Autor: Jonathan Swift

 

JUAN SIN MIEDO

Érase una vez un hombre que tenía dos hijos totalmente distintos. Pedro, el mayor, era un chico listo y responsable, pero muy miedoso. En cambio su hermano pequeño, Juan, jamás tenía miedo a nada, así que en la comarca todos le llamaba Juan sin miedo.


A Juan no le daban miedo las tormentas, ni los ruidos extraños, ni escuchar cuentos de monstruos en la cama. El miedo no existía para él. A medida que iba creciendo, cada vez tenía más curiosidad sobre qué era sentir miedo porque él nunca había tenido esa sensación.


Un día le dijo a su familia que se iba una temporada para ver si conseguía descubrir lo que era el miedo. Sus padres intentaron impedírselo, pero fue imposible. Juan era muy cabezota y estaba decidido a lanzarse a la aventura.


Metió algunos alimentos y algo de ropa en una mochila y echó a andar. Durante días recorrió diferentes lugares, comió lo que pudo y durmió a la intemperie, pero no hubo nada que le produjera miedo.

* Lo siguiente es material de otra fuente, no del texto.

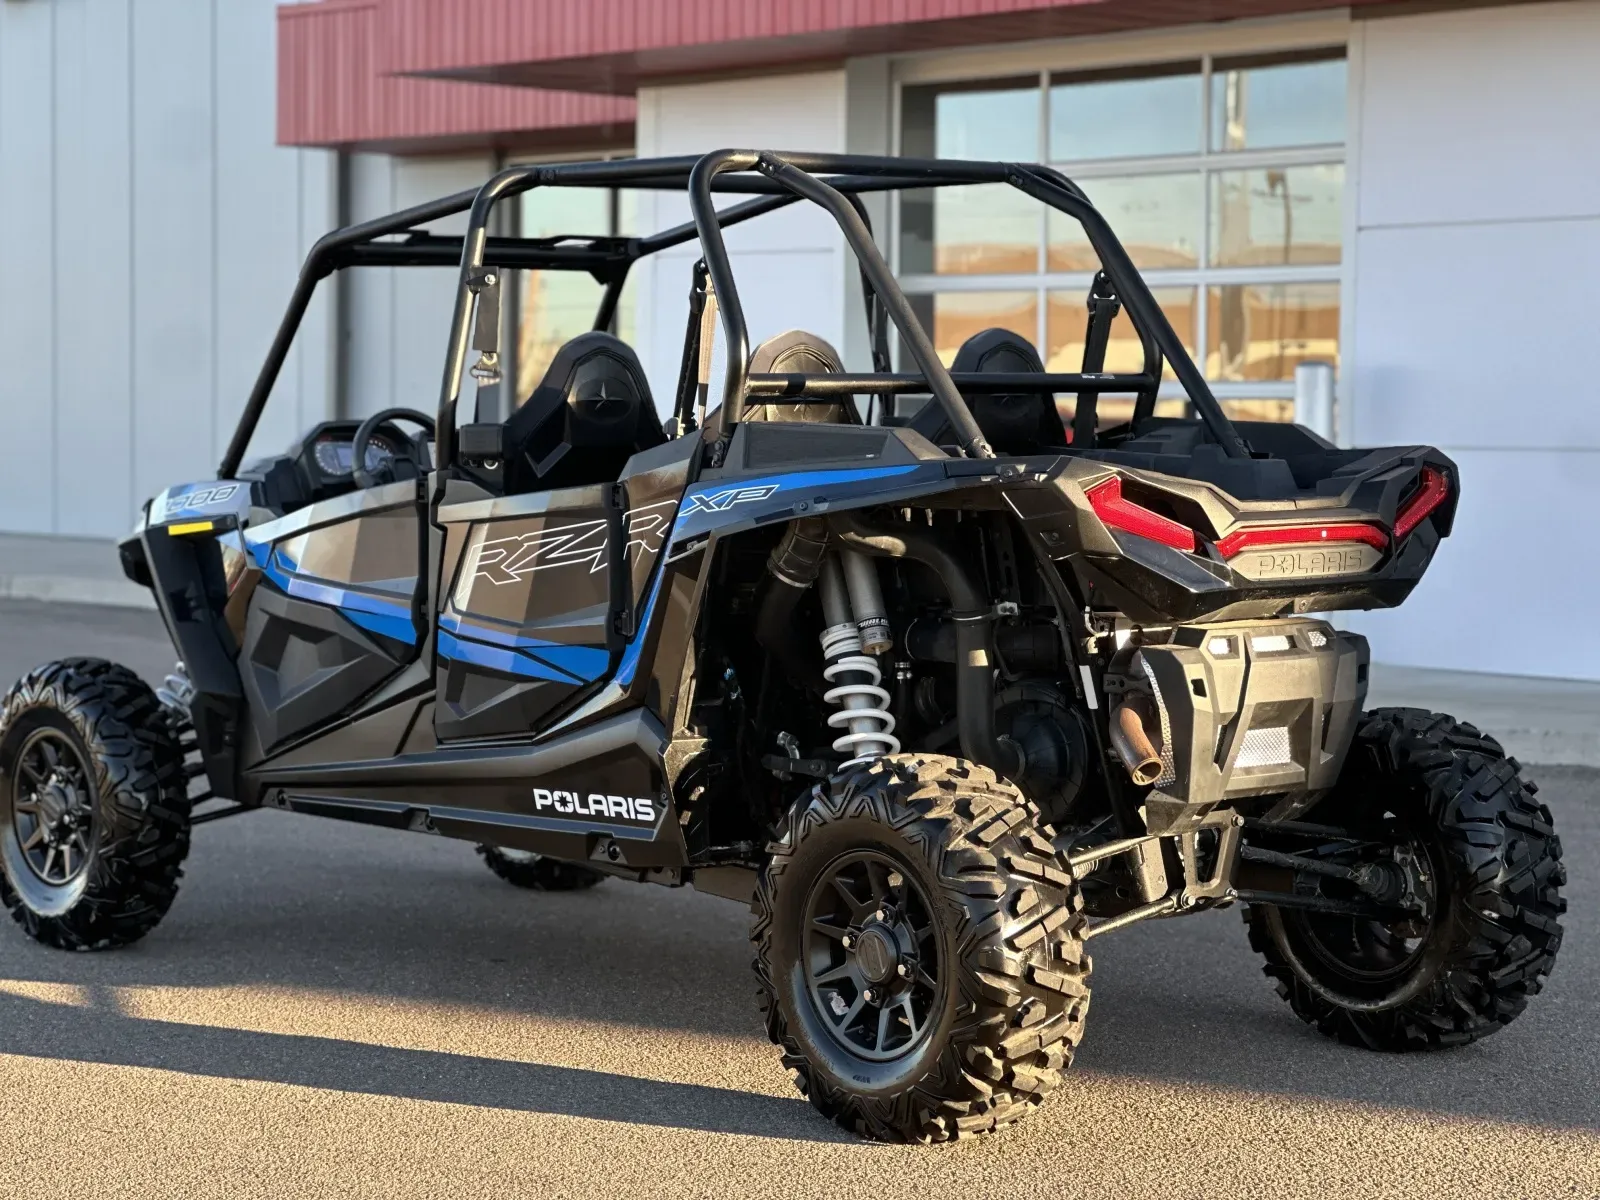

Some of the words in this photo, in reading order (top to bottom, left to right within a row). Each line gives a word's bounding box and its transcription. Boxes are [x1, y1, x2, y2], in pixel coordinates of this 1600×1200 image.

Una mañana llegó a la capital del reino y vagó por sus calles hasta llegar a la plaza principal, donde colgaba un enorme cartel firmado por el rey que decía:


“Se hace saber que al valiente caballero que sea capaz de pasar tres días y tres noches en el castillo encantado, se le concederá la mano de mi hija, la princesa Esmeralda”


Juan sin miedo pensó que era una oportunidad ideal para él. Sin pensárselo dos veces, se fue al palacio real y pidió ser recibido por el mismísimo rey en persona. Cuando estuvo frente a él, le dijo:


– Señor, si a usted le parece bien, yo estoy decidido a pasar tres días en ese castillo. No le tengo miedo a nada.


– Sin duda eres valiente, jovenzuelo. Pero te advierto que muchos lo han intentado y hasta ahora, ninguno lo ha conseguido – exclamó el monarca.


– ¡Yo pasaré la prueba! – dijo Juan sin miedo sonriendo.


Juan sin miedo, escoltado por los soldados del rey, se dirigió al tenebroso castillo que estaba en lo alto de una montaña escarpada. Hacía años que nadie lo habitaba y su aspecto era realmente lúgubre.


Cuando entró, todo estaba sucio y oscuro. Pasó a una de las habitaciones y con unos tablones que había por allí, encendió una hoguera para calentarse. Enseguida, se quedó dormido.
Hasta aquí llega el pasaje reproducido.